On going home

Visiting my aging parents brings a myriad of emotions, thoughts and reflections.  I reminisce with them of funny stories, vacations taken and camping trips soaked in rain.  There are the stories they can’t seem to recall, the ones they will never forget and the tales that grow over time with each retelling.  I observe their habits, how they manage thru the daily routine and try to get a sense of what life is like when it’s just the two of them at home alone.  When I slip away from the lunch table and busy myself in another room they forget that I am there. It is then that their conversation ranges from the mundane of the weather, the escapades of the squirrel’s routine visit to the yard (they’ve claimed him as their own and named him Speedy) and sometimes even a glimpse of their warm conversation with one another that displays a shared life of 58 years and the love and deep concern they have for one another.  This is the moment that I cherish and know that their love does run deep and strong, in spite of the rhetoric, bickering and “show” that is displayed for us, their children.  it is then that I begin to ponder my own path that I am carving out as I travel down that road of age and decline.
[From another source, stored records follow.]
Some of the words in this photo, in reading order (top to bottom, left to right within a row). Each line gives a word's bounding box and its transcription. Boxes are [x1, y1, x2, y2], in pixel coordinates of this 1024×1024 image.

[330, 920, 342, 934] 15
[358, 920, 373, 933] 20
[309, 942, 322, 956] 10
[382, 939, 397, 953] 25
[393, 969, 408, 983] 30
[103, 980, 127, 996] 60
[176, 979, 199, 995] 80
Several years ago as I thought back over my parents aging process I could see some very definitive choices they made.  In their 50’s and 60’s they were mobile, traveling, engaged and still expanding their world.  But somewhere along the way as they approached 70 and beyond they began to “circle the wagons” as I used to call it. Their world became smaller and smaller, less travel, the adventurous spirit was gone, no new friendships, and they became disengaged with the world and their contributions to it.  And I would say even their contributions to family, grandchildren. The circling of the wagons was to keep out change, vulnerability and danger.  To protect themselves from uncertainty, dangers and calamity.   As I watched their lives over the last ten – 12 years now I have seen their health decline, their mobility lessen,  nothing uncommon as we age into our 80’s.  But what about me.
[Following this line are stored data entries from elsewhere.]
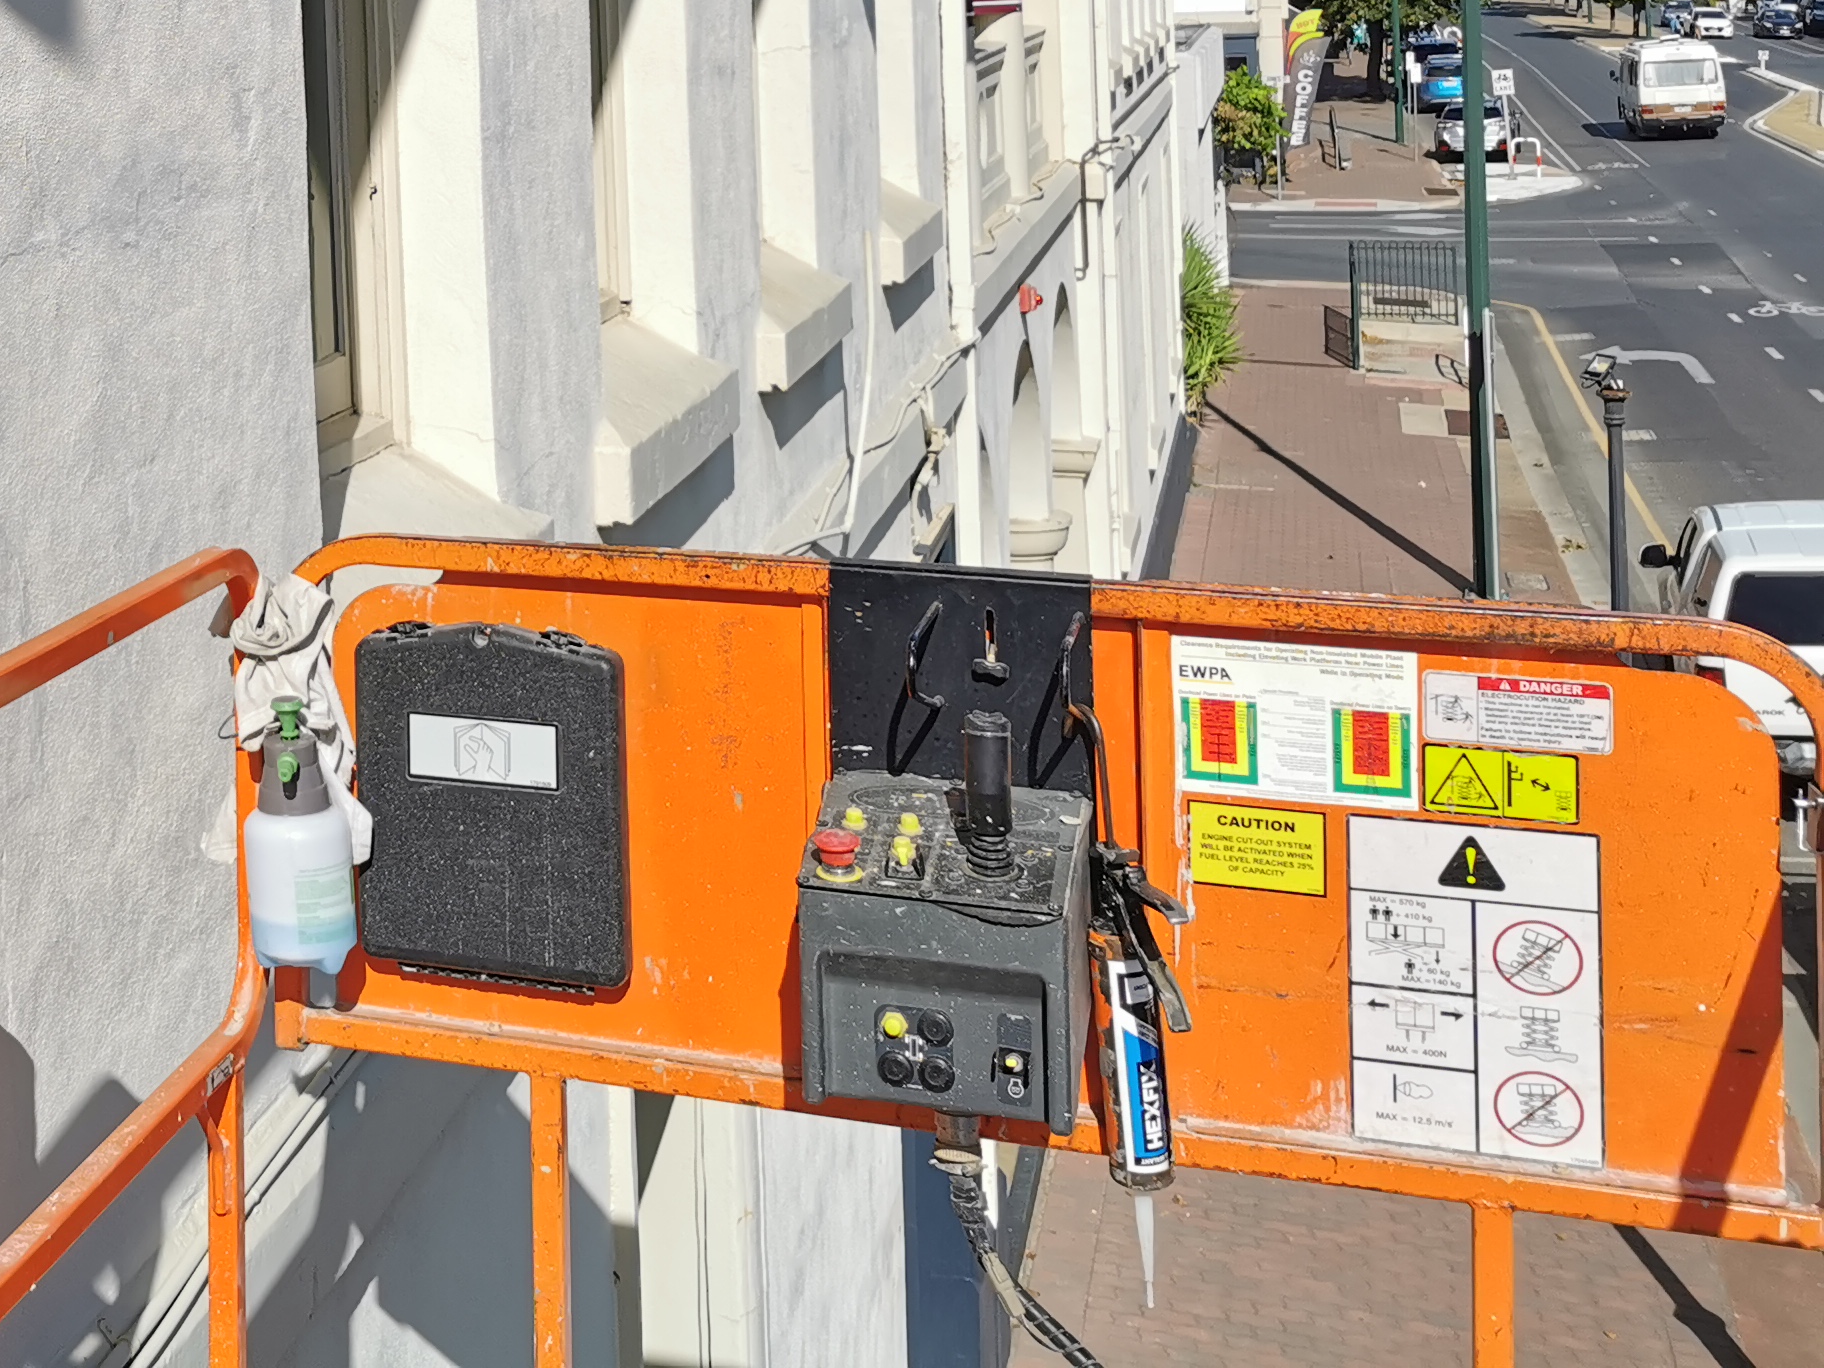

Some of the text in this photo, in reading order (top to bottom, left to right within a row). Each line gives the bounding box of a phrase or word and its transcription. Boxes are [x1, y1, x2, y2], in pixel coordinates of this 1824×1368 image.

[1290, 69, 1314, 146] COFFEE
[1179, 664, 1232, 681] EWPA
[1519, 681, 1583, 695] DANGER
[1481, 692, 1585, 705] ELECTROCUTION HAZARD
[1217, 815, 1295, 832] CAUTION
[1201, 833, 1312, 850] ENGINE CUT-OUT SYSTEM
[1200, 842, 1313, 860] WILL BE ACTIVATED WHEN
[1199, 852, 1314, 871] FUEL LEVEL REACHES 25%
[1242, 866, 1286, 877] CAPACITY
[1369, 896, 1387, 904] MAX
[1399, 898, 1414, 906] 570
[1416, 900, 1426, 909] kg
[1422, 914, 1433, 923] kg
[1440, 968, 1450, 977] kg
[1433, 978, 1448, 986] 140
[1450, 980, 1461, 989] kg
[1386, 1044, 1408, 1054] MAX
[1140, 1060, 1164, 1151] HEXFIX
[1376, 1112, 1397, 1121] MAX
[1413, 1116, 1432, 1125] 12.5
[1435, 1119, 1453, 1128] m/s
I was just past 50 when I started to reflect on all this.  And I could often be heard saying, “I’ve got 20 good years left, maybe.  What am I going to do with it”. Some of my friends thought I had a death wish.  Some thought I was being presumptuous. But as I explained, if my life and health went as my parents had, then I have until about 70 to be active and healthy, if I get that long.  No guarantees.  So what did I want to do with my 20 good years, where I was engaged, involved, contributing, expanding my life?  I never wrote it down, but I made a mental list.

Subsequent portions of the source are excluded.